Top of Provided data
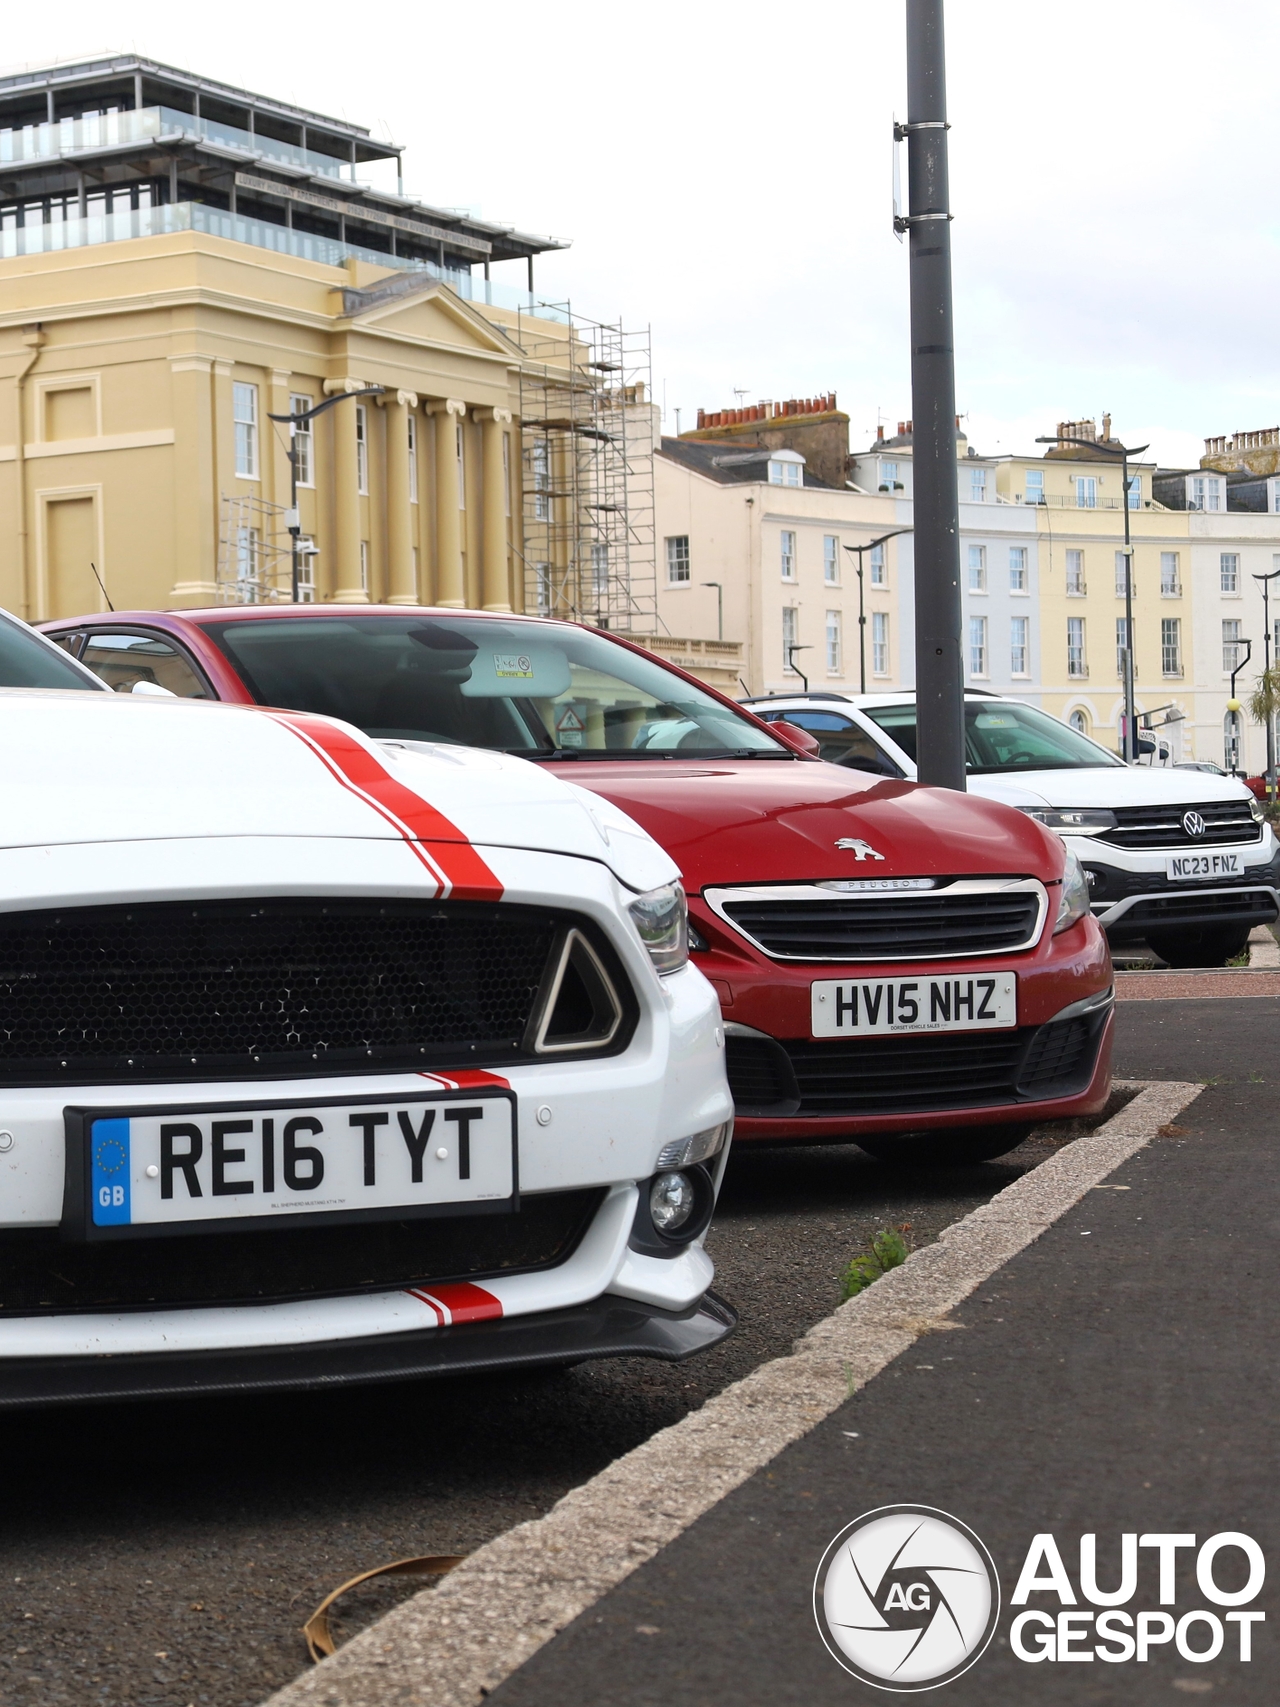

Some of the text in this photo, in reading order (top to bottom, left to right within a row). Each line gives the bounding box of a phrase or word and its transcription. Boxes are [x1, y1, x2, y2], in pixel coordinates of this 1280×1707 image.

[1172, 855, 1238, 876] NC23 FNZ
[848, 880, 920, 888] PEUGEOT
[836, 979, 996, 1027] HV15 NHZ
[160, 1106, 484, 1200] RE16 TYT
[99, 1186, 125, 1207] GB
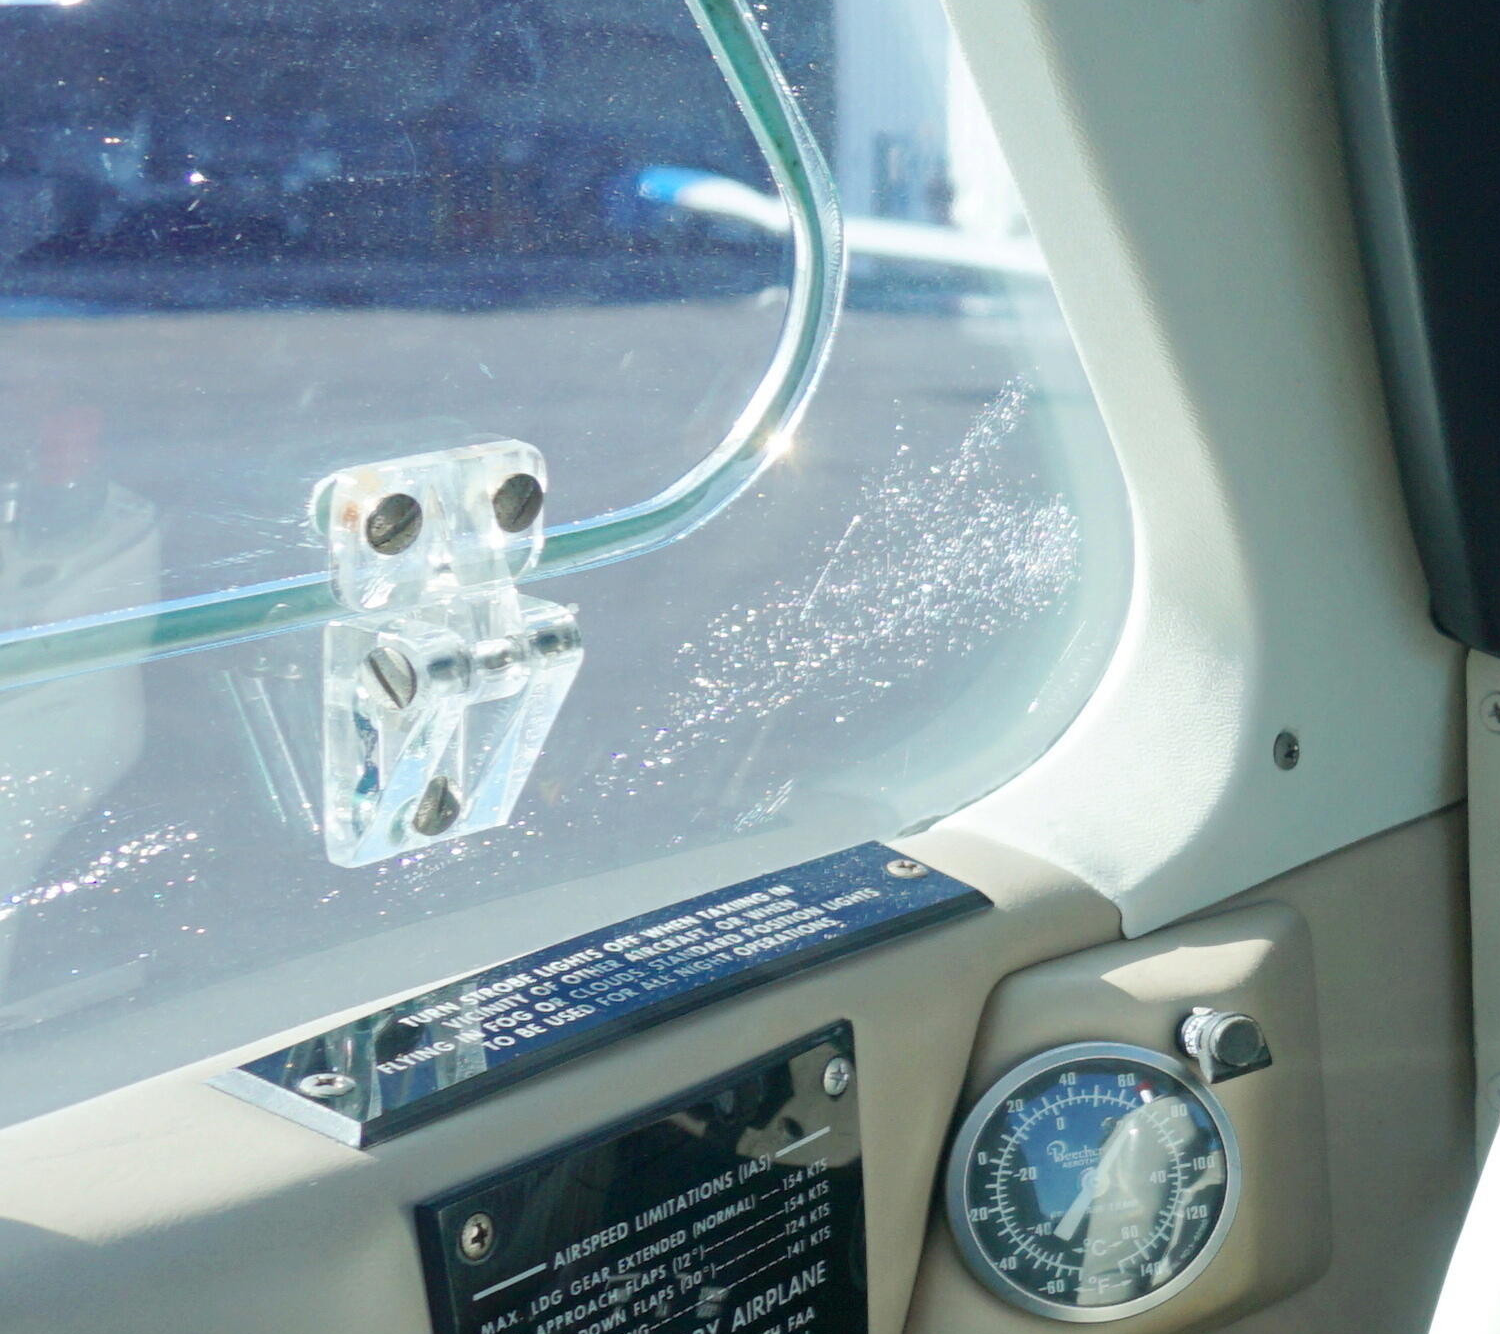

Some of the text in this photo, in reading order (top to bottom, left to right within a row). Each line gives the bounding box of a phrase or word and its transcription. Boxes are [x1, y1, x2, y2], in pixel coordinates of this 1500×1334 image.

[398, 1002, 460, 1028] TURN
[461, 976, 534, 1005] STROBE
[535, 949, 603, 976] LIGHTS
[603, 935, 641, 953] OFF
[643, 915, 701, 939] WHEN
[768, 885, 795, 897] IN
[442, 993, 530, 1030] VICINITY
[530, 982, 558, 996] OF
[561, 959, 625, 985] OTHER
[715, 917, 747, 931] OR
[742, 899, 800, 921] WHEN
[553, 1221, 628, 1270] AIRSPEED
[634, 1171, 733, 1233] LIMITATIONS
[731, 1259, 827, 1333] AIRPLANE
Bottom of Provided data
### Activity
Could you reproduce every record above exactly, leaving out the pictures?

### Solved exercise
Some of the text in this photo, in reading order (top to bottom, left to right within a row). Each line gives the bounding box of a phrase or word and its transcription. Boxes are [x1, y1, x2, y2], in pixel coordinates of this 1280×1707 image.

[1172, 855, 1238, 876] NC23 FNZ
[848, 880, 920, 888] PEUGEOT
[836, 979, 996, 1027] HV15 NHZ
[160, 1106, 484, 1200] RE16 TYT
[99, 1186, 125, 1207] GB

Some of the text in this photo, in reading order (top to bottom, left to right within a row). Each line gives the bounding box of a phrase or word and its transcription. Boxes are [x1, y1, x2, y2], in pixel coordinates of this 1500×1334 image.

[398, 1002, 460, 1028] TURN
[461, 976, 534, 1005] STROBE
[535, 949, 603, 976] LIGHTS
[603, 935, 641, 953] OFF
[643, 915, 701, 939] WHEN
[768, 885, 795, 897] IN
[442, 993, 530, 1030] VICINITY
[530, 982, 558, 996] OF
[561, 959, 625, 985] OTHER
[715, 917, 747, 931] OR
[742, 899, 800, 921] WHEN
[553, 1221, 628, 1270] AIRSPEED
[634, 1171, 733, 1233] LIMITATIONS
[731, 1259, 827, 1333] AIRPLANE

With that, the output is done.